To that end, the WNY Women’s Foundation is advocating for policy- and legislation-based solutions. Erie County was the only county in New York State to allocate federal CARES Act funding – up to $25 million of it – for emergency childcare. And, Scavone said, businesses, even government, must be incentivized to provide or cover the cost of childcare for their employees and citizens.
“Do not tell me that a woman has to make a choice between caring for a child and going to work to earn money to put food on the table for that child,” she said. “That is not a choice.”
There is a model for this, about 400 miles northeast of Buffalo. Quebec began subsidizing low-fee, full-day childcare for every youngster under 5 in 1996; when demand exceeds availability, the government reimburses families that pay for private care. The goals 25 years ago were to draw more women into the workforce, nurture early childhood development and increase payroll tax revenue.
The program was, and is, a success. A university study found that in 2008, it generated more than 100% of its cost. In other words, it not only paid for itself, it made money for government. The Canadian minister of finance – Chrystia Freeland – announced in April the Quebec program will be expanded across the country to aid in women’s post-pandemic employment recovery.

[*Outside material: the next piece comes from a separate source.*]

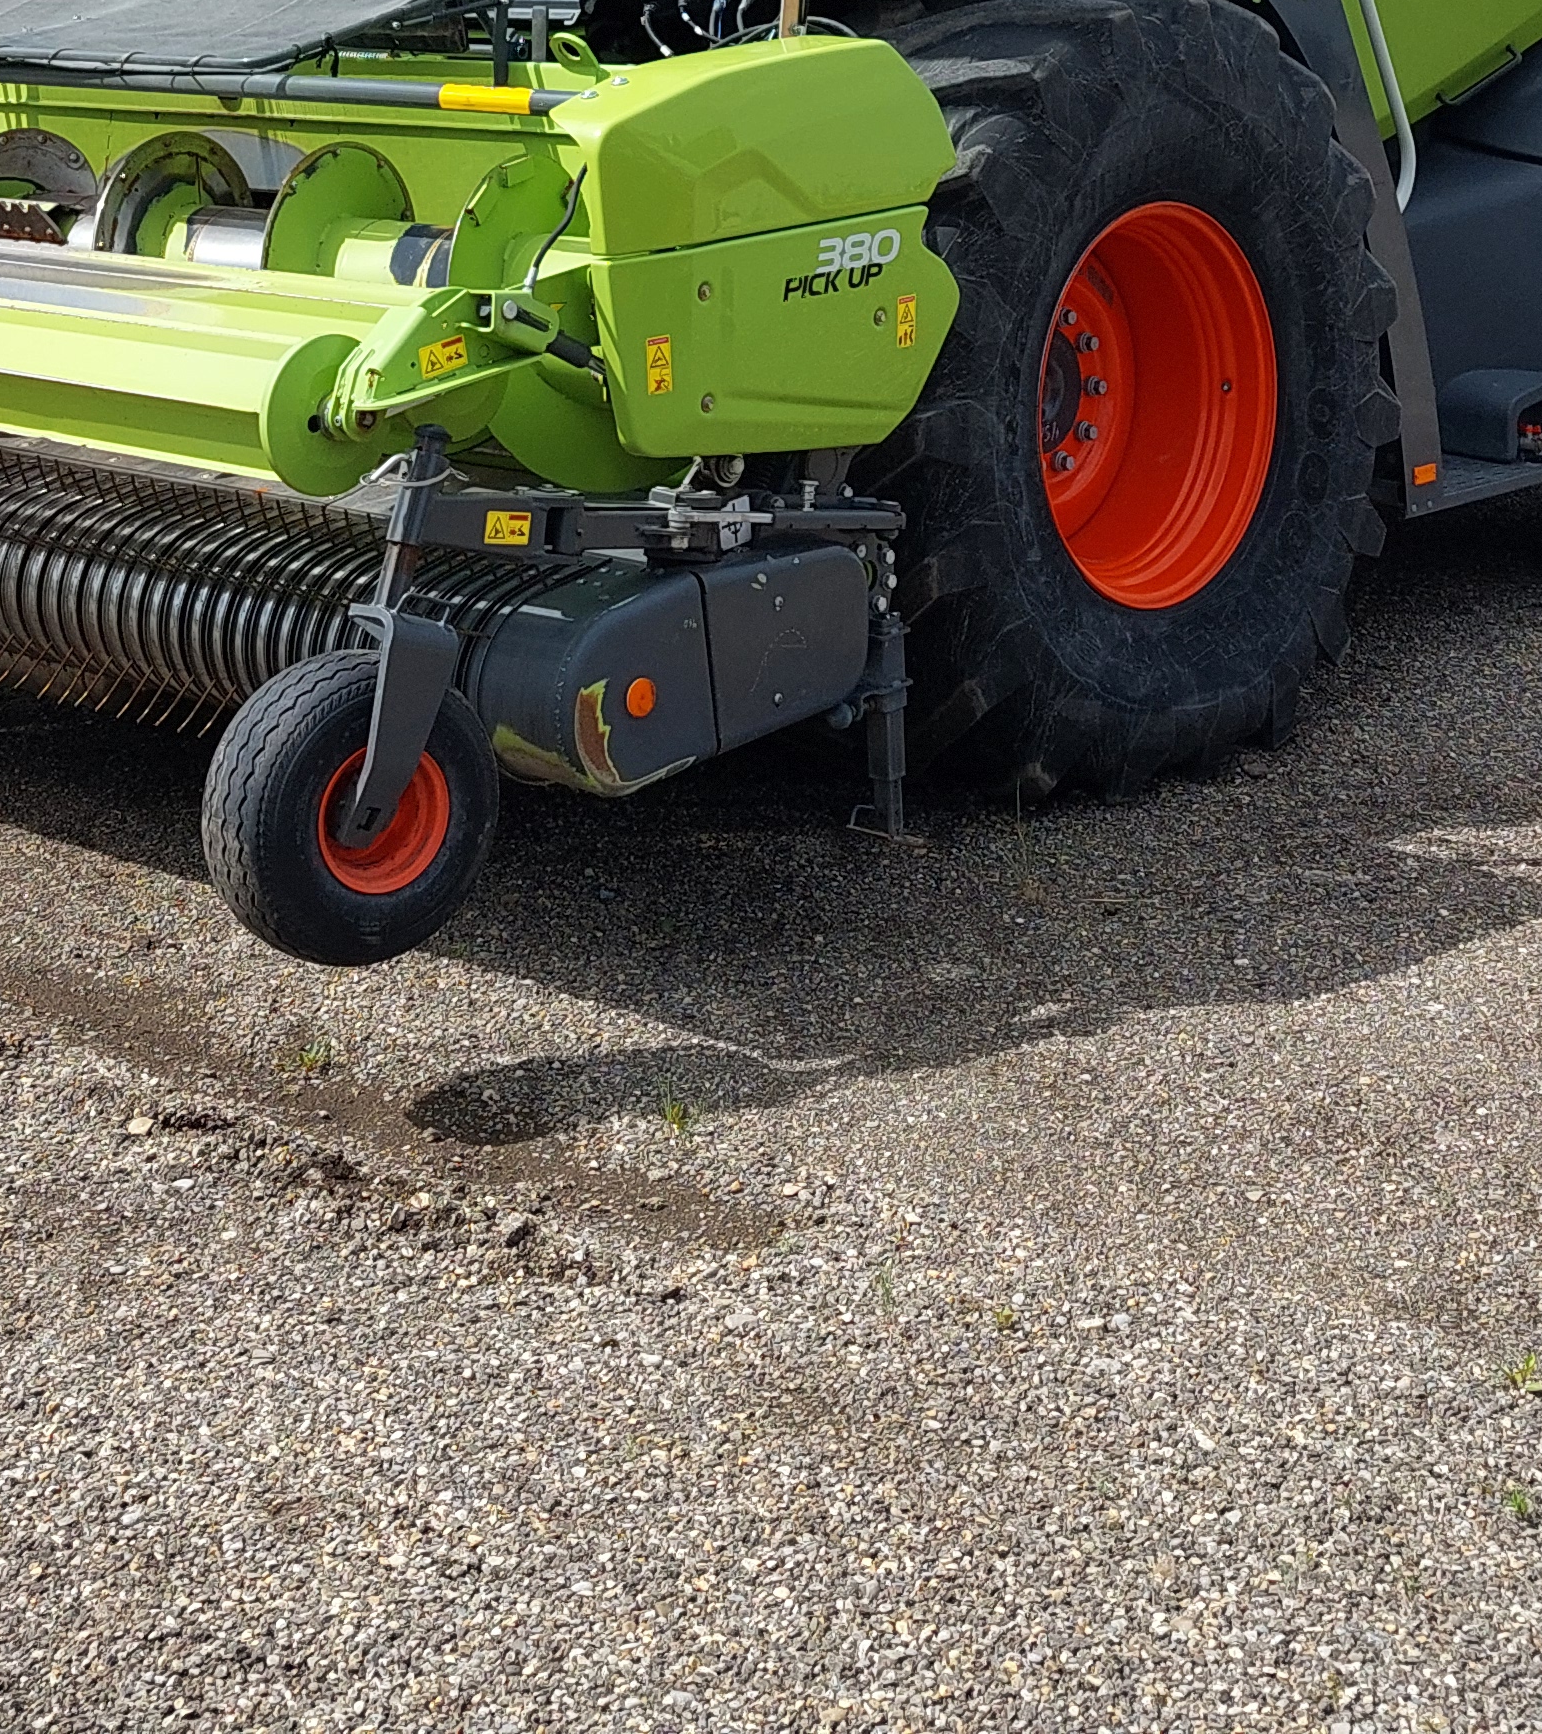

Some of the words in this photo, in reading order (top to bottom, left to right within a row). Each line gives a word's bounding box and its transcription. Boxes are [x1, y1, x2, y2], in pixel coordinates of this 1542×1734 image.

[815, 228, 901, 274] 380
[782, 268, 844, 303] PICK
[847, 262, 884, 289] UP

Physical recovery is another matter. Dr. Sarah Berga, chair of obstetrics and gynecology at University at Buffalo’s Jacobs School of Medicine and Biomedical Sciences, said the pandemic also exposed and “amplified dramatically” existing gender inequities in healthcare access. Women of lesser socioeconomic means – and that bracket grew with the unemployment rate – have fewer resources readily available to them as it is, Berga said. That includes sexual education, reproductive medicine and contraception. When the pandemic hit, the barriers got bigger.
“Healthcare workers were stretched thin; public spaces were scary. Especially for teens coming of age, the pandemic made things worse,” Berga said. “That’s one of the reasons we were so frantic to get telehealth going right away across the United States. Now we understand its benefits, and we understand its limitations. People who are less savvy are less likely to engage with that.”
But what about Berga’s specialty, fertility care? In vitro fertilization isn’t an elective procedure, she insisted, because women’s childbearing timeline is finite.
“Women 35 and up, we can’t safely tell them, ‘Just wait,’” she said. “We didn’t know how long it would be before we got the pandemic under control.”
And now, with infection rates down and vaccines in arms, there is some sense of control. But the trauma of the last 16 months could be felt for generations to come, Berga said.
“The pandemic was a novel stressor,” she said. “How do you handle fear of something that’s real but not very well described? That is not everyone’s strength.”
Back to Farley, the Amherst mom who fled to her car. Today, she acknowledges her good fortune. She weathered the pandemic in good health, with a supportive partner and her job intact. And she organically did what Scavone and Berga suggest now as coping strategies: self-care (exercise, time with her dogs), seek support (Farley regularly took to social media to air her distress and accept others’ encouragement), and fight for an easier, more equitable way of life.